Trip Report: Backpacking the W Trek in Patagonia


By Maliah Coolidge, KEEN Art Director

Patagonia was unknown to me.

I was in my early twenties when a friend of mine mentioned that Patagonia was on their travel bucket list. I had never heard of it. I followed up with a string of rapid-fire questions for clarification: “Where do you want to go? Pata-what-did-you-say? You mean that clothing company? What country is it in? It’s not a country—it’s a region?” I was fascinated that this place existed and I had never heard of it before.

As soon as the image results popped up on my Google search, I knew I had to backpack the W trek in Torres del Paine National Park.

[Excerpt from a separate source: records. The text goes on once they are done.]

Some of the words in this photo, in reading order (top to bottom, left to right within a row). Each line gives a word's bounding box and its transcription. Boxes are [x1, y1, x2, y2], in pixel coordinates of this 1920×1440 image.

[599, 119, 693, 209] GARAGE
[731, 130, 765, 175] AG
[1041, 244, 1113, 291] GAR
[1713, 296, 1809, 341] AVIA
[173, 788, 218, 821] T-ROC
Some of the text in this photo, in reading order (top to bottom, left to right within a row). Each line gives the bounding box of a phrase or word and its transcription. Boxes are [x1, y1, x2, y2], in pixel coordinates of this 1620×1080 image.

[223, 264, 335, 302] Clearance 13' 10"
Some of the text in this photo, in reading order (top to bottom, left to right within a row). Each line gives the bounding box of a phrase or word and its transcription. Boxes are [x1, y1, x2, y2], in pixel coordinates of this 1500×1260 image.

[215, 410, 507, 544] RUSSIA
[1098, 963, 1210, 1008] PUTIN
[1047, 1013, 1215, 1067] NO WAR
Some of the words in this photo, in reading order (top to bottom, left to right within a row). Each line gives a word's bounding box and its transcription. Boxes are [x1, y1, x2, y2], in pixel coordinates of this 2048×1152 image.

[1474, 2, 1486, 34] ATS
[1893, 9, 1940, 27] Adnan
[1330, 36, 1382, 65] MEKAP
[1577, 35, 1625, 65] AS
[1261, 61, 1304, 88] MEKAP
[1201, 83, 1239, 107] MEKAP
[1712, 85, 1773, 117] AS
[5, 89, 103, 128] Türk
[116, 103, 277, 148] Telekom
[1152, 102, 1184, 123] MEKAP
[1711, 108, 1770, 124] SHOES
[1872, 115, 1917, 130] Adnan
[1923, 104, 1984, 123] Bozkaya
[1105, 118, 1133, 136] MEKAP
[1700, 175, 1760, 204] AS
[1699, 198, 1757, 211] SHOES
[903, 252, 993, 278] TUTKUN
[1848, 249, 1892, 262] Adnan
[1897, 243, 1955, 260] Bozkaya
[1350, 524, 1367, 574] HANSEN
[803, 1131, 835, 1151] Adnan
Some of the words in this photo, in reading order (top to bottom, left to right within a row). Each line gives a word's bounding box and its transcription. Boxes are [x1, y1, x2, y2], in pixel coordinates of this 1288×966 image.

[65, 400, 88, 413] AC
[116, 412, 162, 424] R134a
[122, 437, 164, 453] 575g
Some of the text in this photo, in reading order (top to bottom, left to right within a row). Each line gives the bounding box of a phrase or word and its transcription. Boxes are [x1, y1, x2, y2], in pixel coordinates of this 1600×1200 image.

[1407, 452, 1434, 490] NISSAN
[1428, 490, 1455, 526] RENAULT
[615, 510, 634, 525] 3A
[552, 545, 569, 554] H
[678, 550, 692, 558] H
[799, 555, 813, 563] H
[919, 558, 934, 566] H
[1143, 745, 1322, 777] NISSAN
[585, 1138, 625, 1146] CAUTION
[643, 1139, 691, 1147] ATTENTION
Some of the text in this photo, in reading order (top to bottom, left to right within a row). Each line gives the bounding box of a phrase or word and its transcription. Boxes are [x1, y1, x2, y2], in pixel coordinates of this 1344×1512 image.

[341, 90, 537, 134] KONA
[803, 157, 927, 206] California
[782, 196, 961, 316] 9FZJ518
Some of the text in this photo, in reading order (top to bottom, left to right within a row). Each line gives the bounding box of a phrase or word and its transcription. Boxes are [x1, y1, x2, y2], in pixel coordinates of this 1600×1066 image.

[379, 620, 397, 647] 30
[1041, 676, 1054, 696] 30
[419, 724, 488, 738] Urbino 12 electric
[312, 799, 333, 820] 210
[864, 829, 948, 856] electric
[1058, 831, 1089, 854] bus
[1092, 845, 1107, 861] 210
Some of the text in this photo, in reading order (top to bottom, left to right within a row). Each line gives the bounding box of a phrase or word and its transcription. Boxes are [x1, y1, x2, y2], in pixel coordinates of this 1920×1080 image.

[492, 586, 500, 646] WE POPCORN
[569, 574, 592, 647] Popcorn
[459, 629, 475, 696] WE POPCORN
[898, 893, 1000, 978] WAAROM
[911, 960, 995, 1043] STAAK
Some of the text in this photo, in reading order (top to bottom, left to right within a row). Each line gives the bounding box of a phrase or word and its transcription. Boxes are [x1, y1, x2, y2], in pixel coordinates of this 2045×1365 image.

It wasn’t until a few years later that I actually started to formulate a plan of how I could make this dream a reality. Step one was figuring out how to pay for it, specifically the most expensive part—the airfare. How does a recent college graduate with student loans racked up 3x higher than the national average pay for something like this? I had never had a credit card before, but I figured I was probably responsible enough to take the big plunge. I got a card with the most sign-on bonus miles available and, from there on out, every possible purchase was made on that card so that I could rack up more miles. And then I just kept saving them. Fast-forward three years, and I finally had enough miles to get a roundtrip ticket down to Patagonia. And somewhere along the way I made two friends who shared my desire to travel to that region of the world.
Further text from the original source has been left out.